How I ever got through college and my multitude of literature by women classes without ever having read Flannery O'Connor, I will never know. Is she one of those out of fashion authors or something? If she is I don't understand why. This woman is a genius at the short story. I normally don't like books of short stories. Why that is I'm not sure. One story on its own is fine, but an entire book of them? Short stories seem to be the thing these days. It is almost as if it is a requirement for first time novelists to have written and published short stories before they are allowed to venture into noveldom. What's up with that? Especially since I've heard that short stories don't generally sell that well. Or has this changed and I'm behind the times? But I digress. O'Connor's A Good Man is Hard to Find is my book group's current read. Will my fellow groupies think ill of me if I crow and say this fine book was my suggestion? They have been oddly quiet, so perhaps they didn't like the book as much as I did? If you are an O'Connor virgin as I was, might I recommend this book to you? I will try to explain why A Good Man is so, well, good. I can't say that I have read a wide selection of what might be called southern fiction, but for some reason I expect it to be genteel. Why this is I don't know. I blame Gone With the Wind and the Ya-Yas. O'Connor is no genteel southern lady offering you a mint julep on the porch of her plantation. She writes about the folks who are trying to make ends meet. She writes about the people that don't have much in the way of book learning. Her stories are not sweet. They are harsh and sometimes brutal. They are delightfully shocking and unexpected. The stories are domestic and mostly rural. The stuff of every day life. The stories are consistently well written, so much so that it is hard to say that one is better than the others. I cannot say "I liked this story best" but I can say I was most affected by "The Artificial Nigger". Mr. Head is an old man. He has for the most part raised his grandson himself, alone. Now they are going to Atlanta for the day. Mr. Head is taking Nelson to the city in hopes that he will find it so overwhelming and horrible that he will never want to leave their small town. Needless to say, the trip does not go well. They end up lost and in the wrong part of town. They panic and Mr. Head does a terrible thing and the trust a child has for an elder is betrayed. But there comes a moment of redemption:

Mr. Head had never known before what mercy felt like because he had been too good to deserve any, but he felt he knew now. He looked at Nelson and understood that he must say something to the child to show that he was still wise and in the look the boy returned he saw a hungry need for that assurance. Nelson's eyes seemed to implore him to explain once and for all the mystery of existence.

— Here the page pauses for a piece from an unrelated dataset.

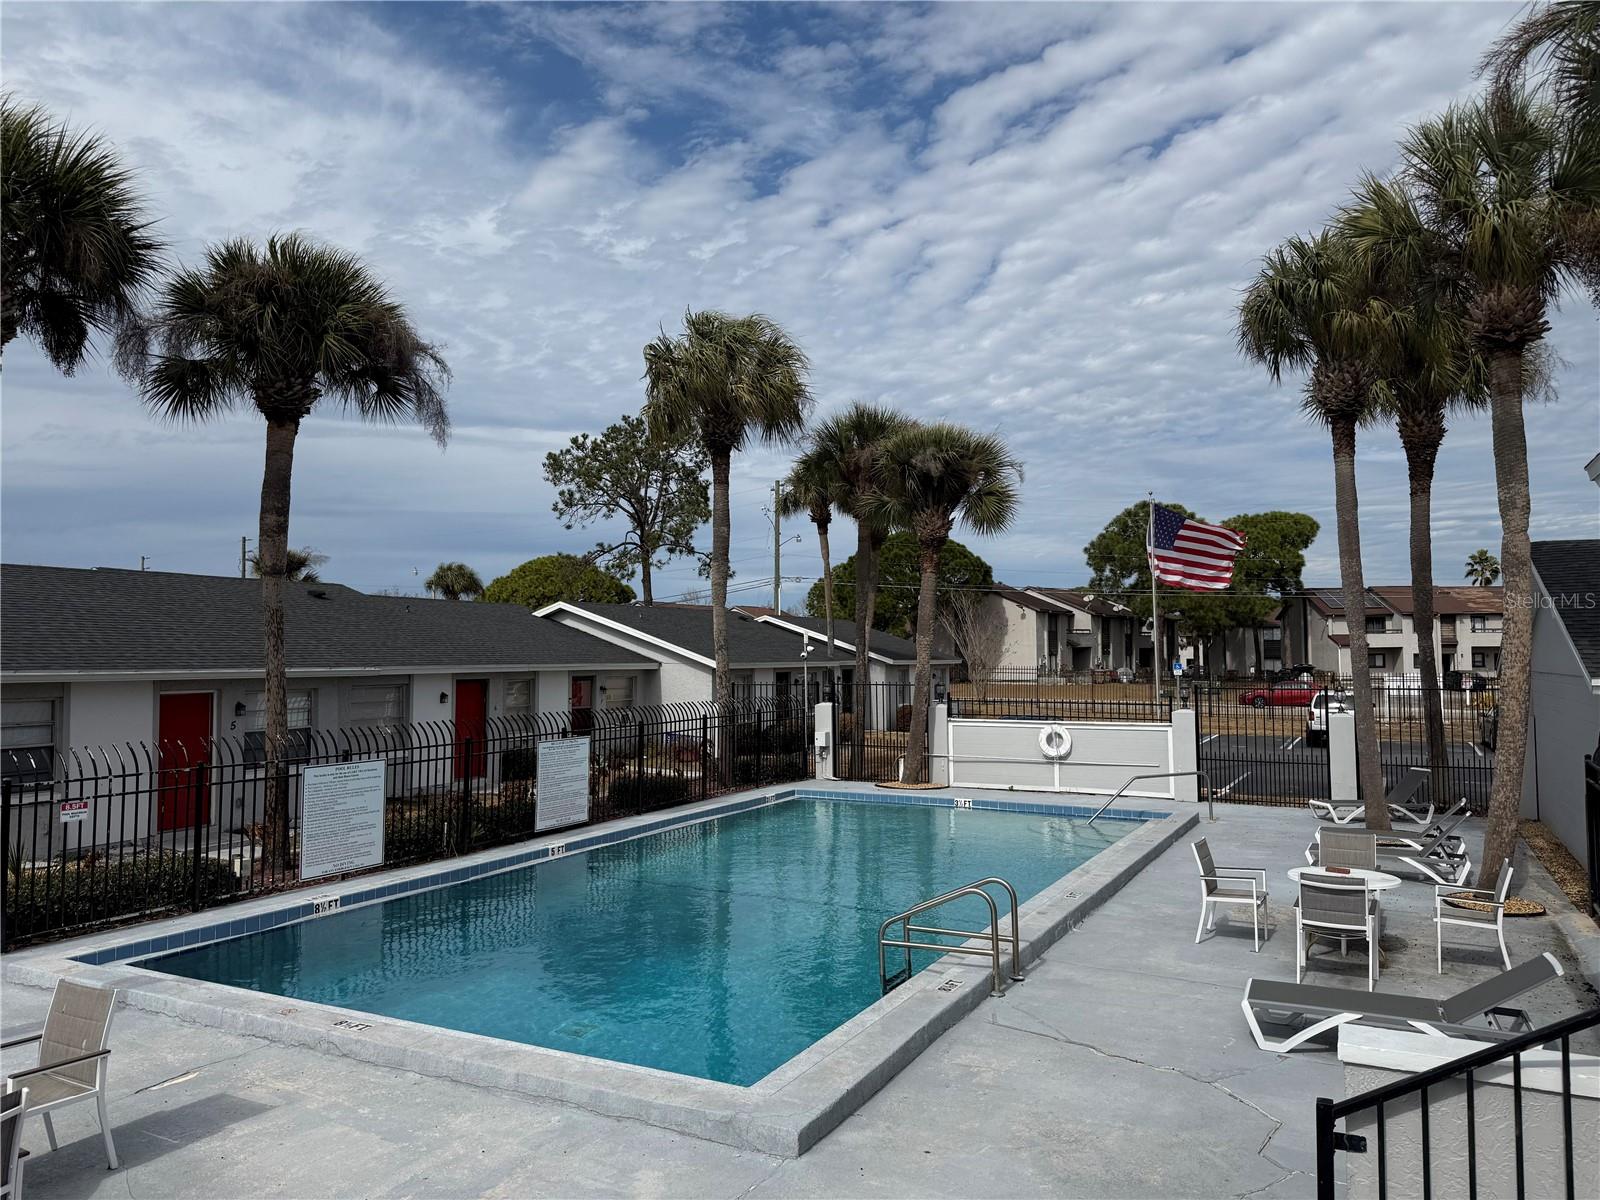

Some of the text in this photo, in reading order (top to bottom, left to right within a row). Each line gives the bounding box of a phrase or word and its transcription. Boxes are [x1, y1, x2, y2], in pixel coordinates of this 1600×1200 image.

[230, 720, 236, 730] 5
[557, 845, 564, 855] FT
[328, 898, 339, 910] FT

For me that so perfectly captures the moment in every child's life (and parent's) when she realizes that her parents are not gods but still wants them and needs them to be. One of O'Connor's greatest skills it seems to me is describing people. In "The River", one of the main characters, a boy, is looking at a photograph of an old man "whose eyebrows dashed out of two bushes of hair and clashed in a heap on the bridge of his nose; the rest of his face stuck out like a bare cliff to fall from." And in "Good Country People": "...and the large hulking Joy, whose constant outrage had obliterated every expression from her face, would stare just a little to the side of her, her eyes icy blue, with the look of someone who has achieved blindness by an act of will and means to keep it." You can't get better than that. It is unfortunate that O'Connor died of lupus in 1964 when she was only 39. I can only imagine what she might have done if she had a long life. The stories in A Good Man is Hard to Find were so enjoyable that I plan on reading her other stories and try her novels too. If you are looking for information about Flannery O'Connor, try Comforts of Home, a sort of O'Connor clearinghouse. And if you, like me, are not a short story reader, give O'Connor a try anyway. You'll be glad you did. Guaranteed.